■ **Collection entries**

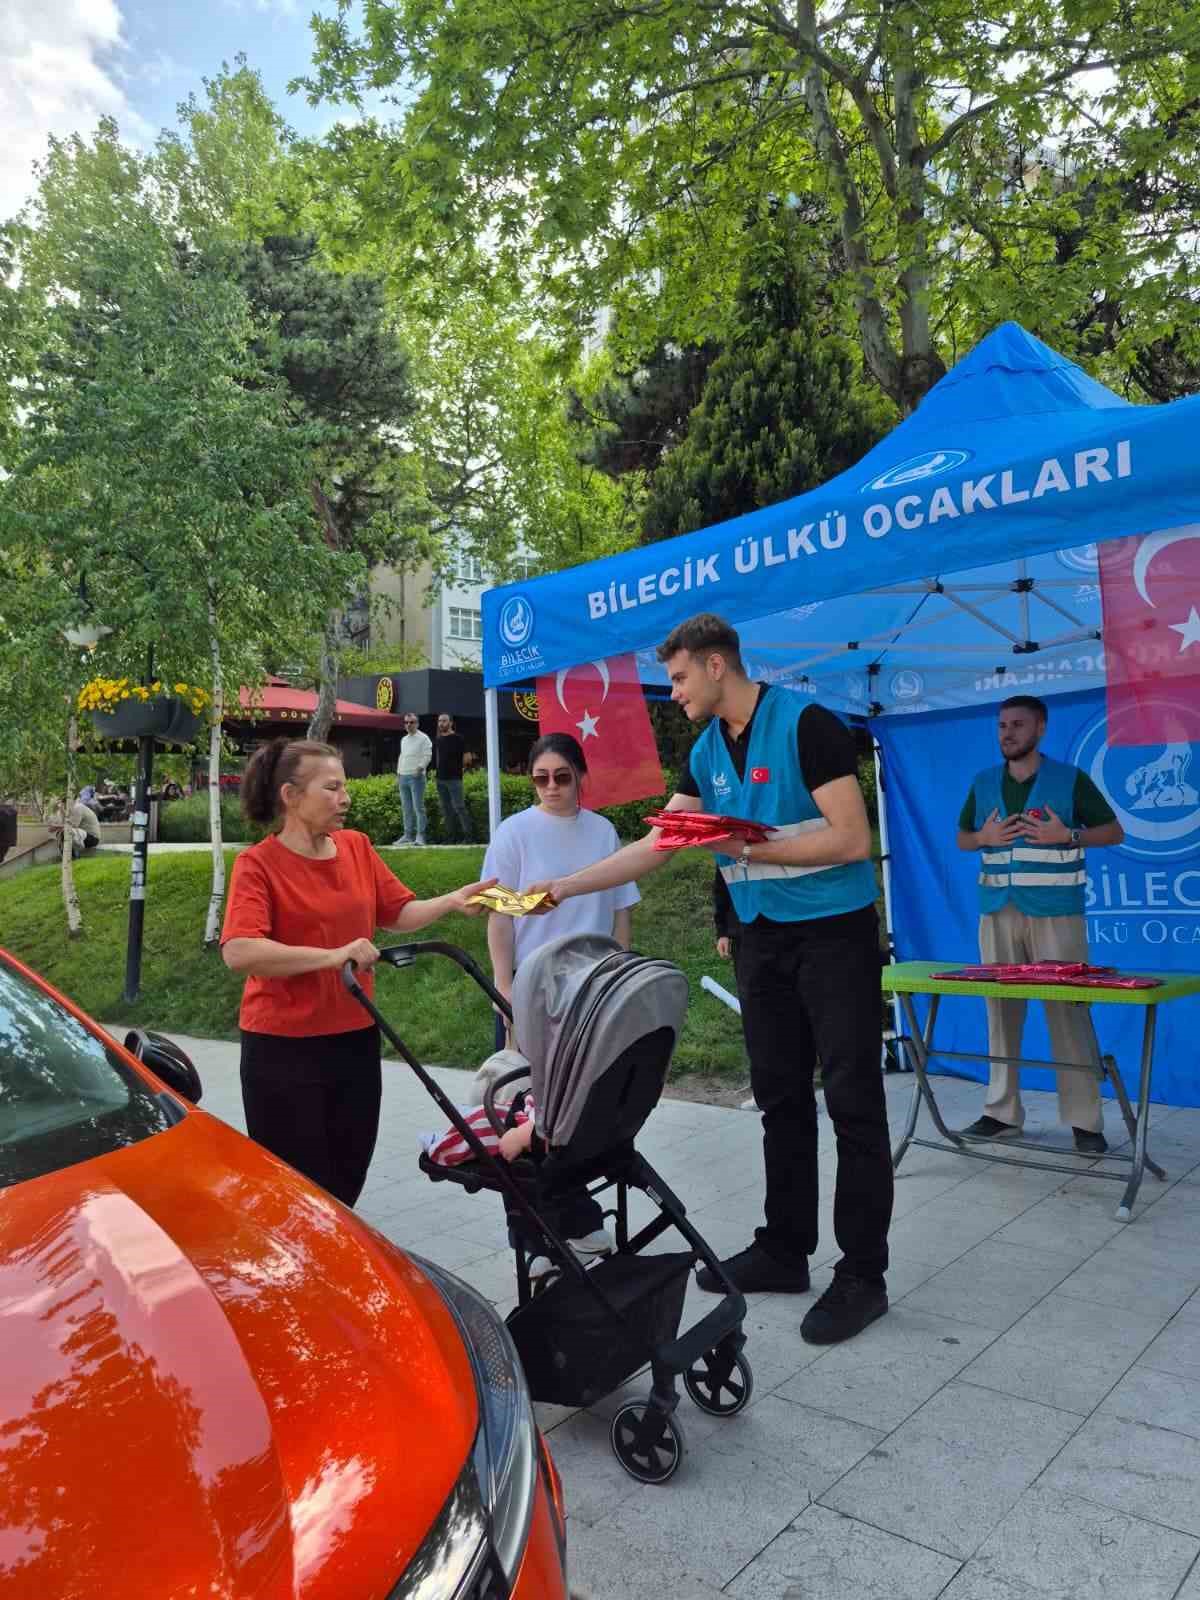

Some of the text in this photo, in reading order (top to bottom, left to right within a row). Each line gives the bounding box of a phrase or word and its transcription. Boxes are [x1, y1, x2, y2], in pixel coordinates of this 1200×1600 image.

[587, 440, 1131, 620] BİLECİK ÜLKÜ OCAKLARI
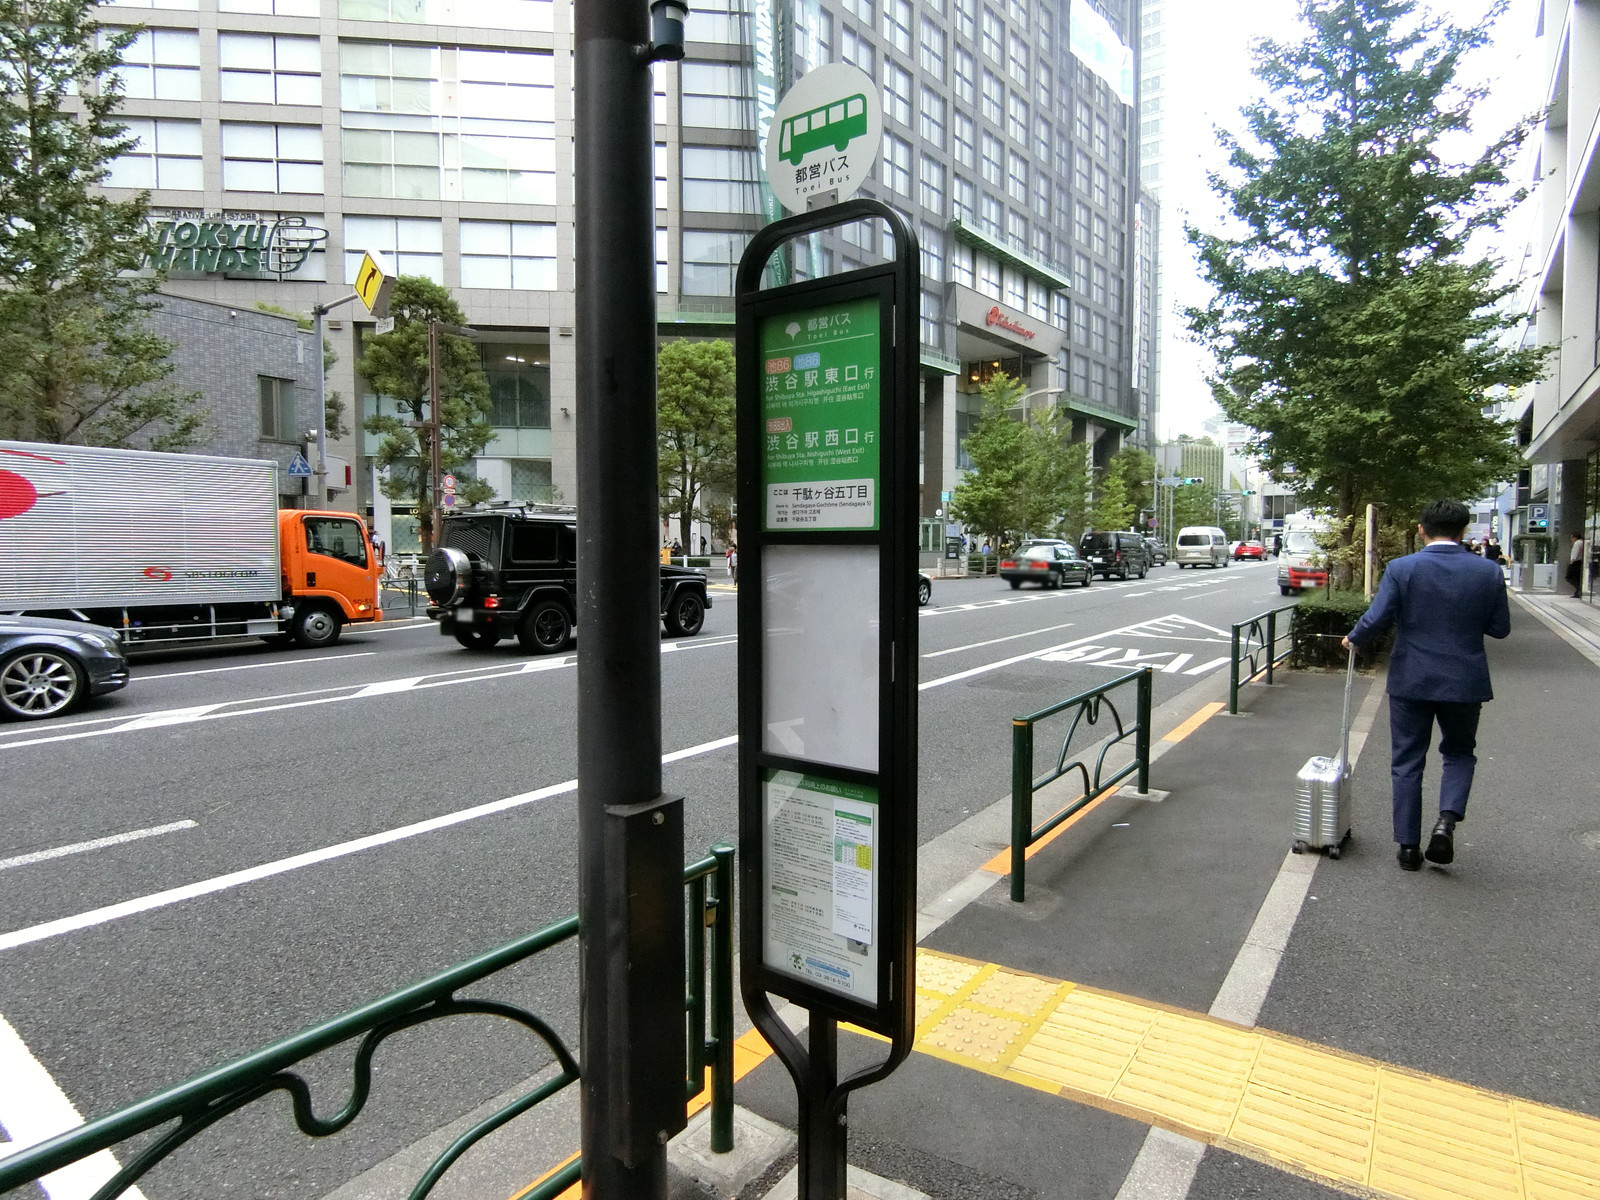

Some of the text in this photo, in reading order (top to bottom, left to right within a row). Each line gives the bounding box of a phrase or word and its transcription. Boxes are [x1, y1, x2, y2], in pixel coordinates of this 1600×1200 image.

[794, 155, 849, 184] 都営バス
[795, 174, 850, 195] Toei Bus
[165, 210, 204, 219] CREATIVE
[229, 212, 257, 221] STORE
[156, 221, 268, 248] TOKYU
[150, 246, 261, 273] HANDS
[807, 313, 851, 331] 都営バス
[807, 331, 827, 341] Toei
[765, 365, 874, 392] 渋谷駅東口行
[775, 393, 795, 402] Shibuya
[806, 387, 842, 398] Higashiguchi
[843, 384, 856, 393] (East
[857, 382, 870, 390] Exit)
[766, 428, 875, 451] 渋谷駅西口行
[775, 452, 796, 461] Shibuya
[806, 449, 835, 458] Nishiguchi
[835, 448, 851, 456] (West
[852, 446, 865, 454] Exit)
[792, 485, 868, 500] 千駄ヶ谷五丁目
[1533, 507, 1544, 518] P

■ **What to produce**
All of the entries above need to be transcribed exactly, except for the pictures.

■ **Completed exercise**
Some of the text in this photo, in reading order (top to bottom, left to right within a row). Each line gives the bounding box of a phrase or word and its transcription. Boxes are [x1, y1, x2, y2], in pixel coordinates of this 1200×1600 image.

[587, 440, 1131, 620] BİLECİK ÜLKÜ OCAKLARI

Some of the text in this photo, in reading order (top to bottom, left to right within a row). Each line gives the bounding box of a phrase or word and its transcription. Boxes are [x1, y1, x2, y2], in pixel coordinates of this 1600×1200 image.

[794, 155, 849, 184] 都営バス
[795, 174, 850, 195] Toei Bus
[165, 210, 204, 219] CREATIVE
[229, 212, 257, 221] STORE
[156, 221, 268, 248] TOKYU
[150, 246, 261, 273] HANDS
[807, 313, 851, 331] 都営バス
[807, 331, 827, 341] Toei
[765, 365, 874, 392] 渋谷駅東口行
[775, 393, 795, 402] Shibuya
[806, 387, 842, 398] Higashiguchi
[843, 384, 856, 393] (East
[857, 382, 870, 390] Exit)
[766, 428, 875, 451] 渋谷駅西口行
[775, 452, 796, 461] Shibuya
[806, 449, 835, 458] Nishiguchi
[835, 448, 851, 456] (West
[852, 446, 865, 454] Exit)
[792, 485, 868, 500] 千駄ヶ谷五丁目
[1533, 507, 1544, 518] P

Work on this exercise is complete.